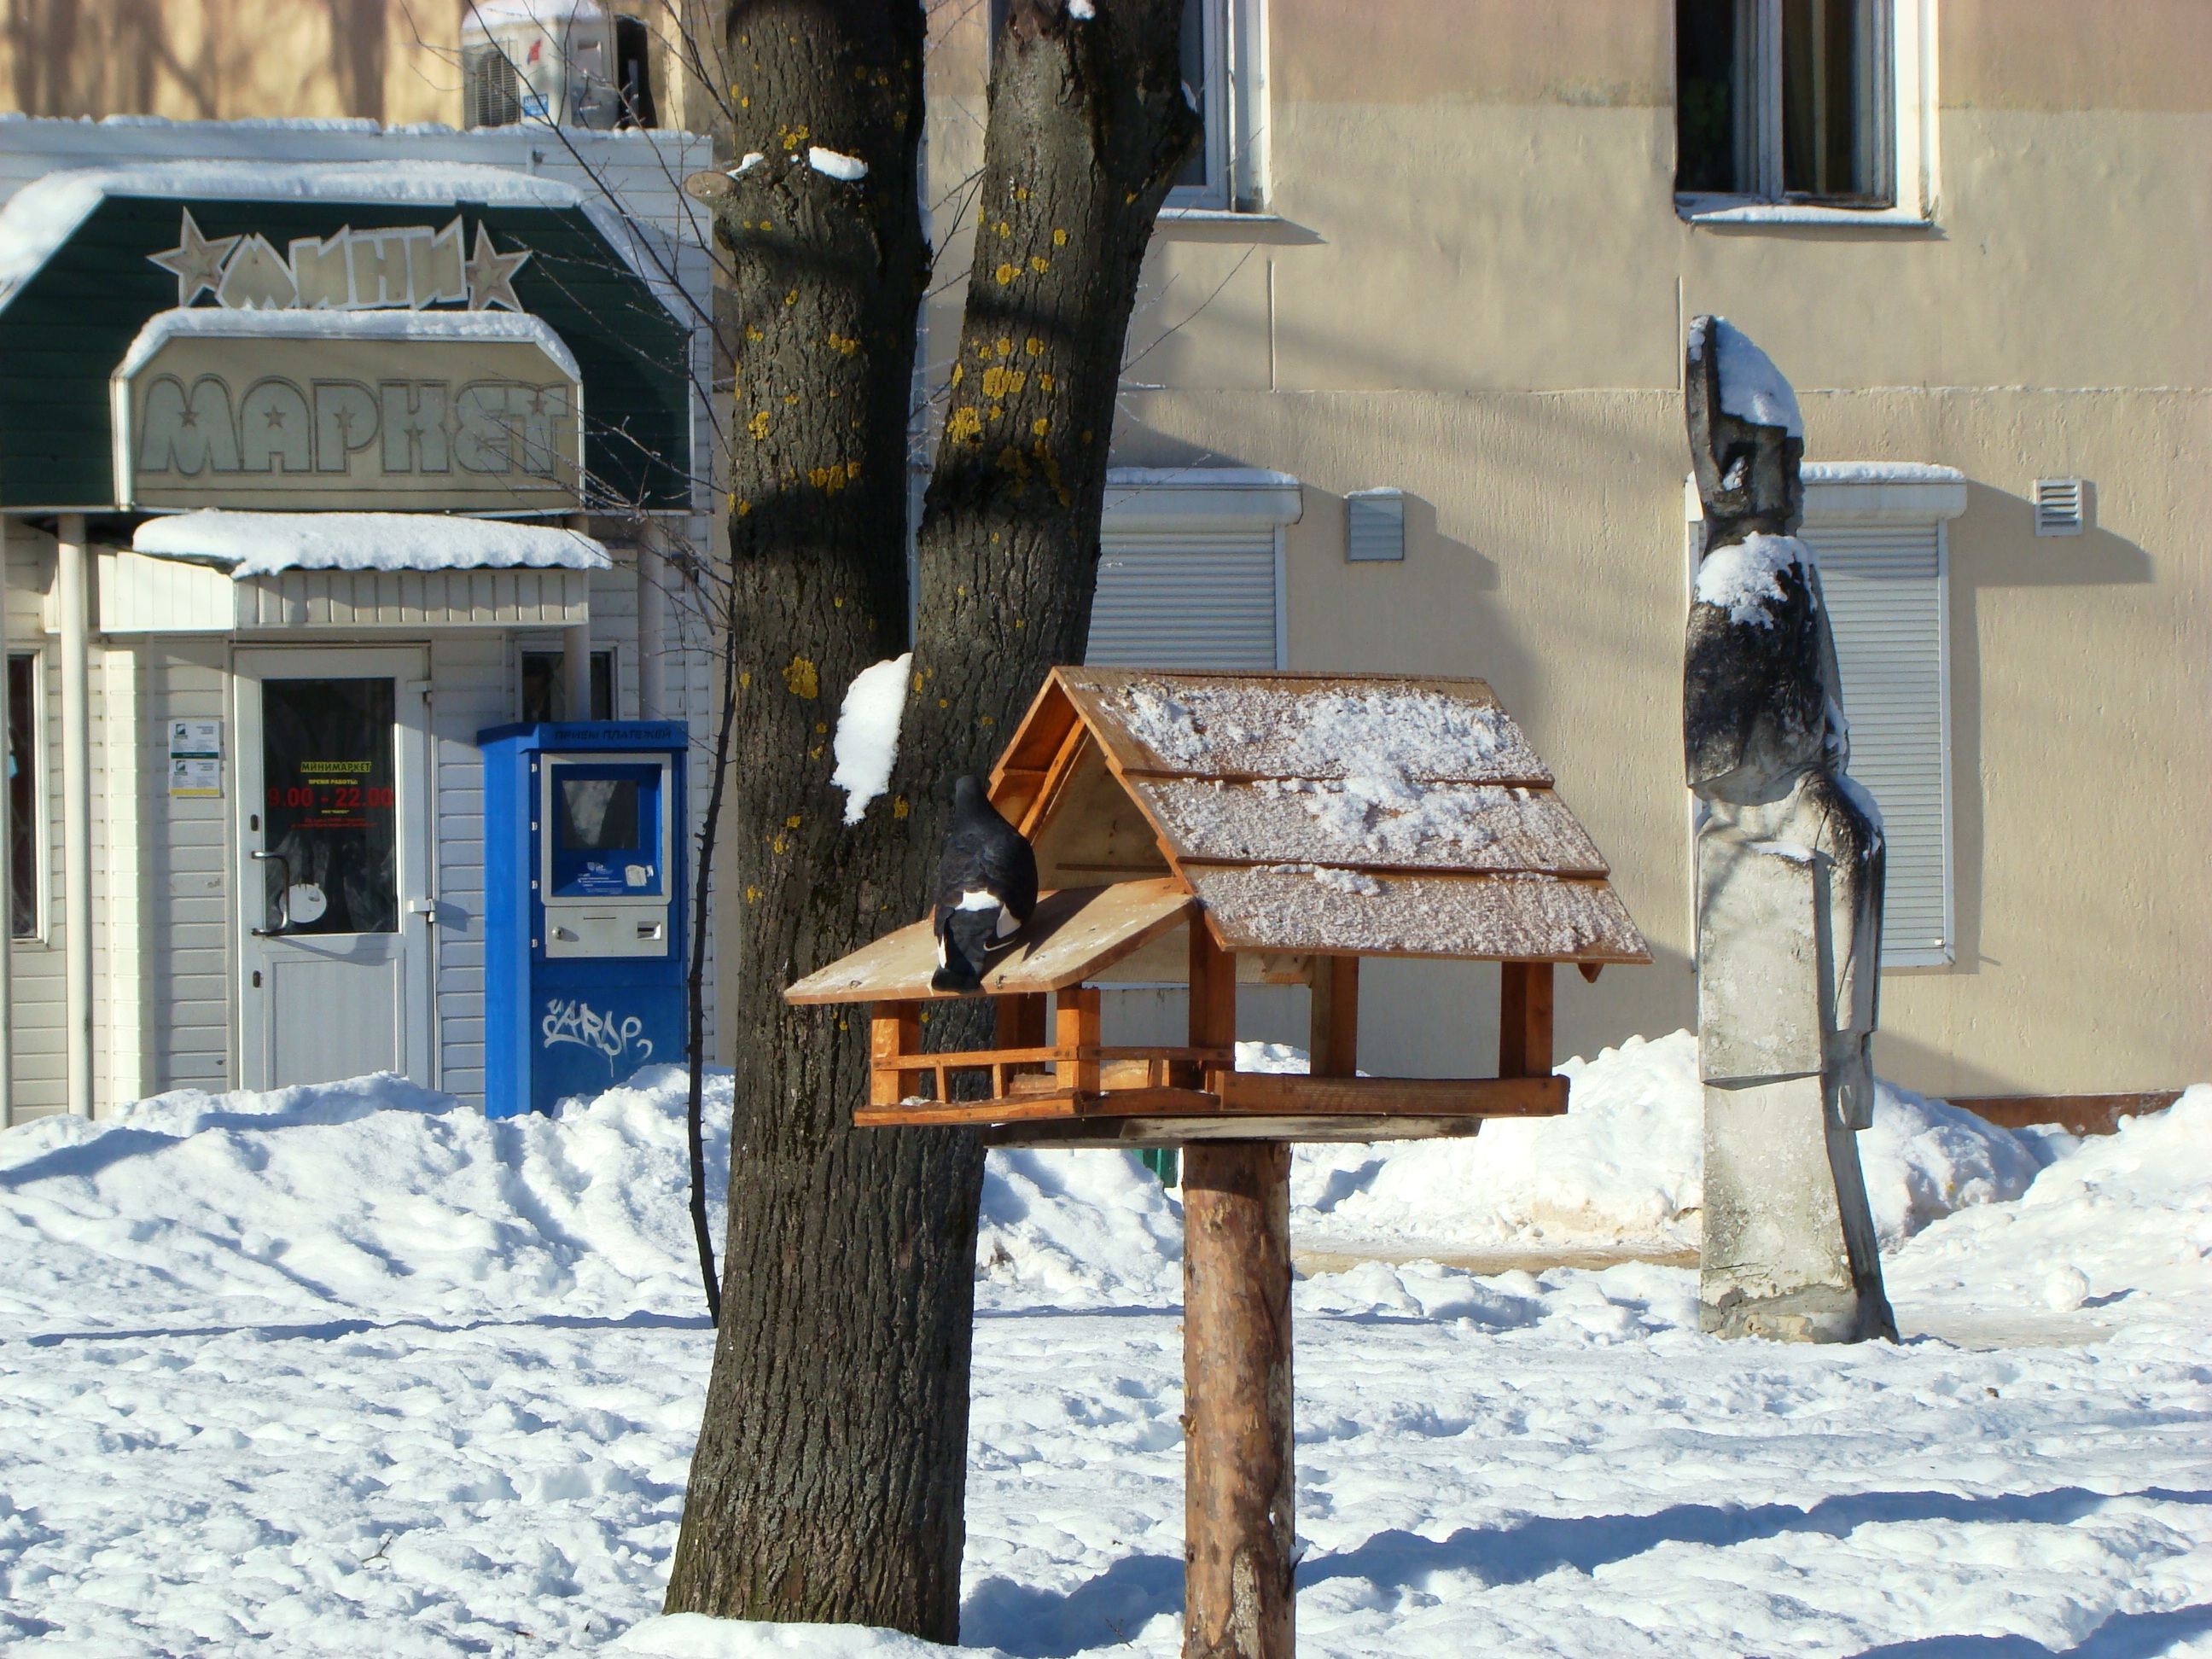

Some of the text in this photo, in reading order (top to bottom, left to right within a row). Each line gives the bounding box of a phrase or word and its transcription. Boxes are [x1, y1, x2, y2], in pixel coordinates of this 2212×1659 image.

[216, 215, 469, 310] МИНИ
[137, 372, 570, 476] МАРКЕТ
[602, 728, 672, 740] ПЛАТЕЖЕЙ
[300, 761, 371, 773] МИНИМАРКЕТ
[268, 787, 313, 807] 9.00
[335, 787, 394, 807] 22.00
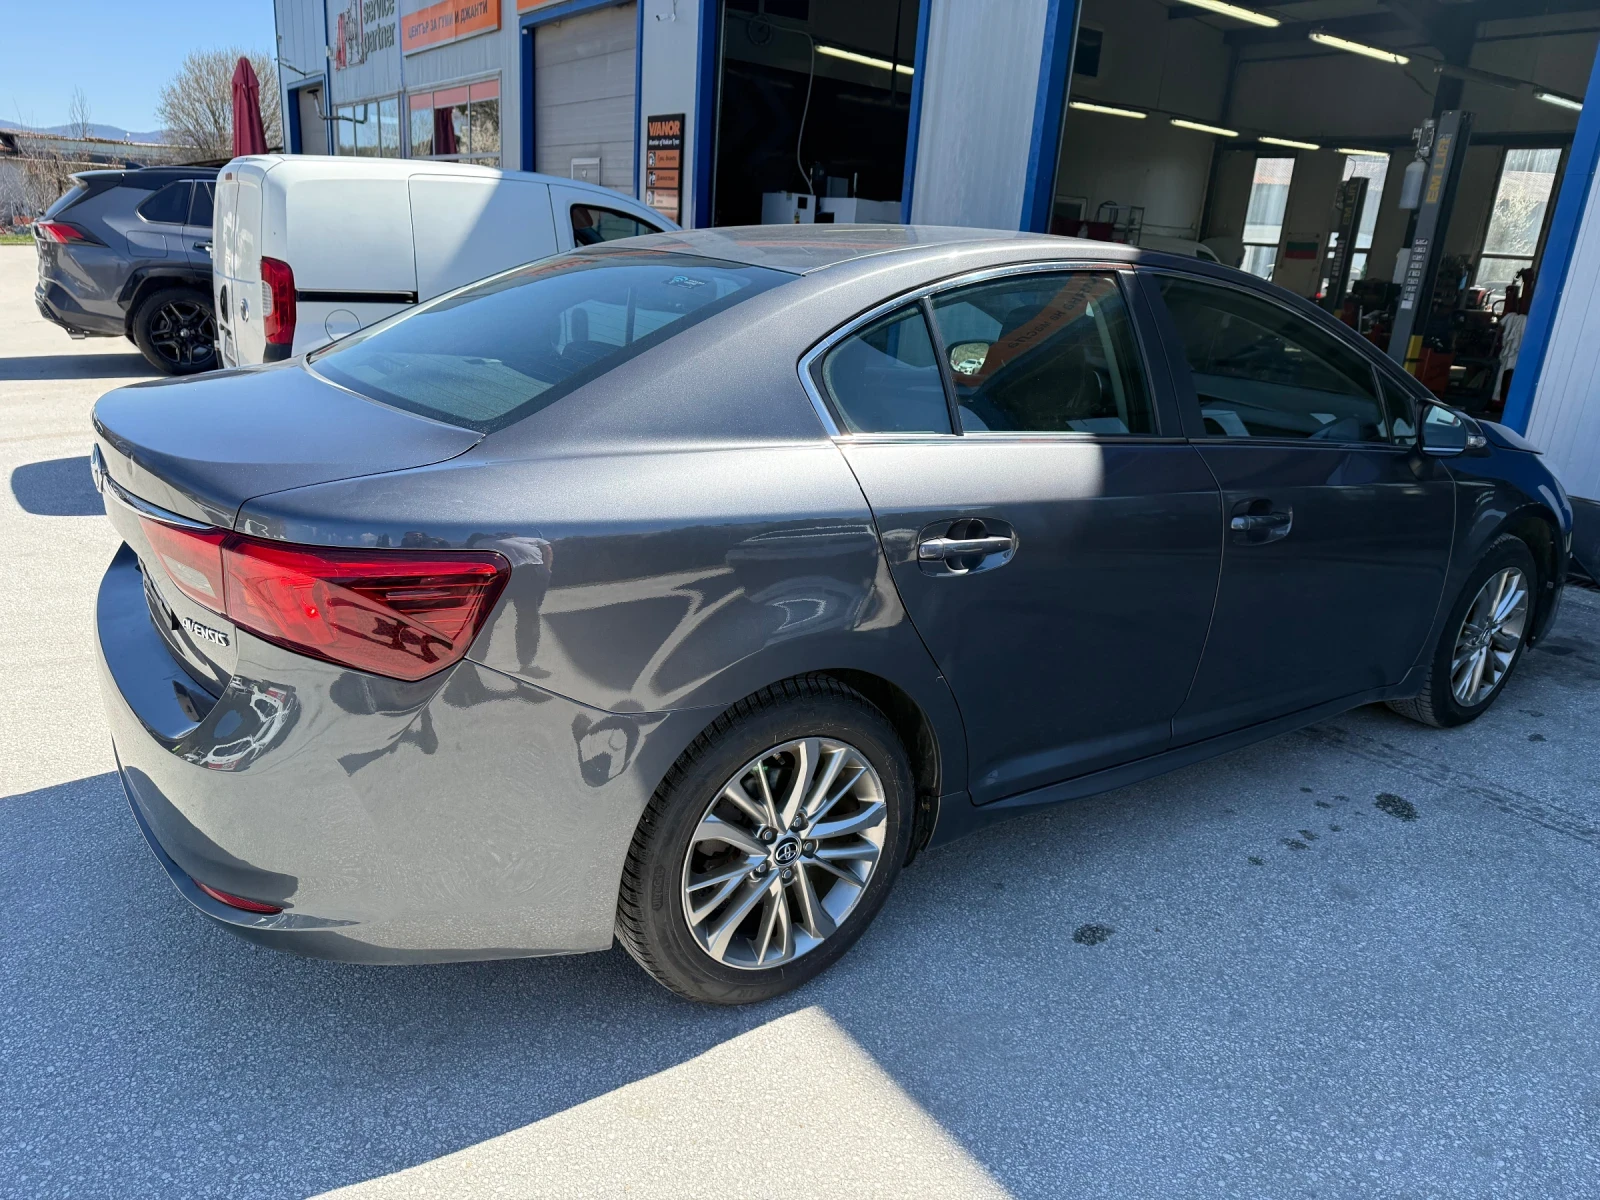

What is required: The entries are to be written out again exactly, without their pictures.

Task output:
Some of the text in this photo, in reading order (top to bottom, left to right within a row). Each line gives the bounding box of a phrase or word and its transcription. Boxes are [x1, y1, x2, y2], in pixel coordinates of this 2212×1659 image.

[216, 215, 469, 310] МИНИ
[137, 372, 570, 476] МАРКЕТ
[602, 728, 672, 740] ПЛАТЕЖЕЙ
[300, 761, 371, 773] МИНИМАРКЕТ
[268, 787, 313, 807] 9.00
[335, 787, 394, 807] 22.00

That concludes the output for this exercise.